## Work order
For every record below, repeat the text exactly and pass over any image.

Text-to-region grounding data:
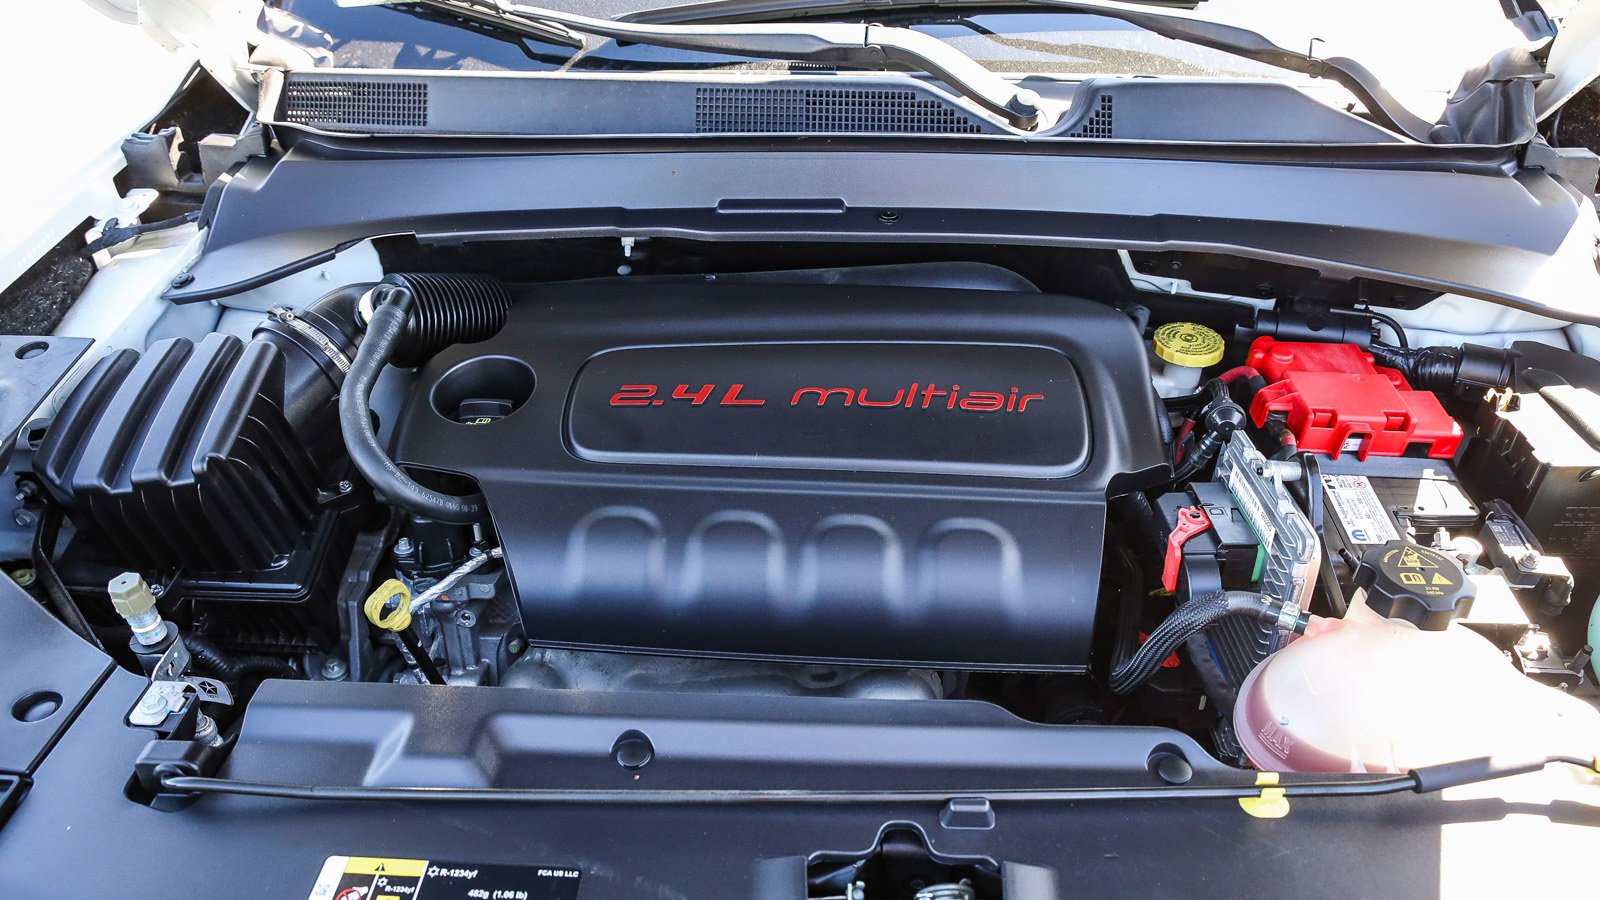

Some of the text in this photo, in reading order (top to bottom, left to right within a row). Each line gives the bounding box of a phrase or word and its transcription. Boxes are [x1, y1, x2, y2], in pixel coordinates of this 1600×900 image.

[790, 383, 1045, 412] multiair
[1261, 720, 1294, 754] MAX
[439, 869, 478, 880] R-1234yf
[537, 869, 579, 878] FCA US LLC

## Task solution
Some of the text in this photo, in reading order (top to bottom, left to right within a row). Each line gives the bounding box of a phrase or word and its transcription. Boxes are [x1, y1, x2, y2], in pixel coordinates of this 1600×900 image.

[790, 383, 1045, 412] multiair
[1261, 720, 1294, 754] MAX
[439, 869, 478, 880] R-1234yf
[537, 869, 579, 878] FCA US LLC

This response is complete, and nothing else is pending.